Der Rohrkrepierer, es ist nicht sein erster, dürfte Tschümperlins Glaubwürdigkeit in der SP-Fraktion nachhaltig schaden. Als Fraktionspräsident darf er nicht Spaltpilz spielen, er muss seine Equipe zusammenhalten. Bei seiner Wahl zum Fraktionschef im Februar 2012 sagte er selbst: «Wir sind eine Partei für alle – auch in der Fraktion.»

Mindestens so quer in der Landschaft steht die Forderung inhaltlich. Rentenalter 65 für Politiker ist nicht nur willkürlich und undemokratisch, es schadet auch der Qualität der politischen Arbeit. Gerade in unserer schnell- und kurzlebigen Zeit braucht es nicht weniger, sondern eher mehr Leute mit Lebenserfahrung. Leute, die Krisen gemeistert haben und wissen, wie man das anstellt. Die sich daran erinnern, was vor 20 oder 40 oder 60 Jahren war.
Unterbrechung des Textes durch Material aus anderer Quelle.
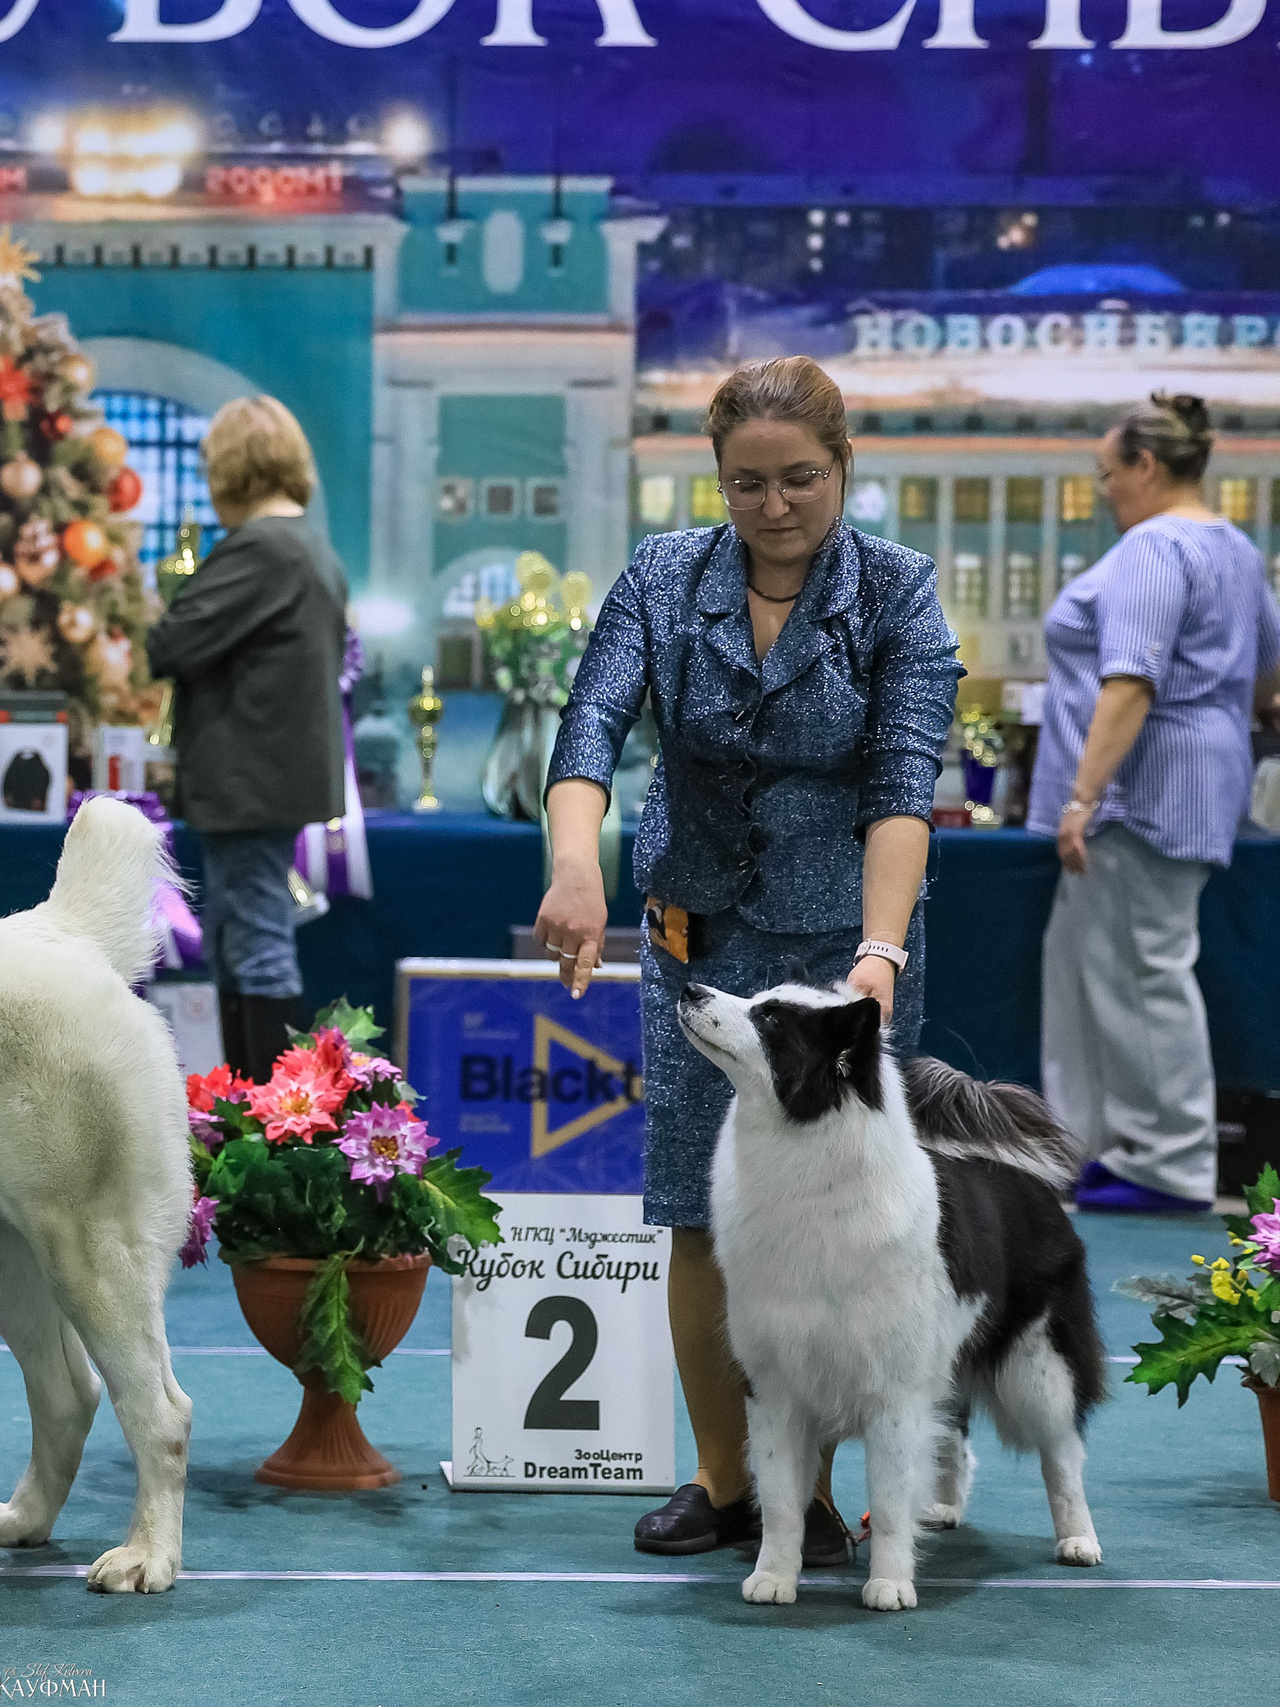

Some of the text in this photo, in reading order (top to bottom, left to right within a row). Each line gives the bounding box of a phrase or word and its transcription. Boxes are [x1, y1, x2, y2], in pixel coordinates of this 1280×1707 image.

[853, 311, 1280, 357] НОВОСИБИР
[510, 1227, 554, 1246] НГКЦ
[457, 1249, 660, 1294] Кубок Сибири
[523, 1296, 600, 1431] 2
[524, 1461, 644, 1481] DreamTeam
[575, 1448, 643, 1464] ЗооЦентр
Aber es braucht auch Junge, die neue Ideen einbringen. Mittelalterliche, die Brücken schlagen. Wichtig ist in Parlamenten und Regierungen ebenso wie in der Arbeits- und Familienwelt, dass alle Generationen mitreden. Ob eine Amtszeitbeschränkung als Alternative klug ist, steht auf einem Blatt Papier: Letztlich sollte allein der Souverän entscheiden, ob er jemanden nochmals wählen will oder nicht.

Etwas, immerhin, ist Tschümperlin zugutezuhalten: Er hat eine wichtige Debatte neu lanciert.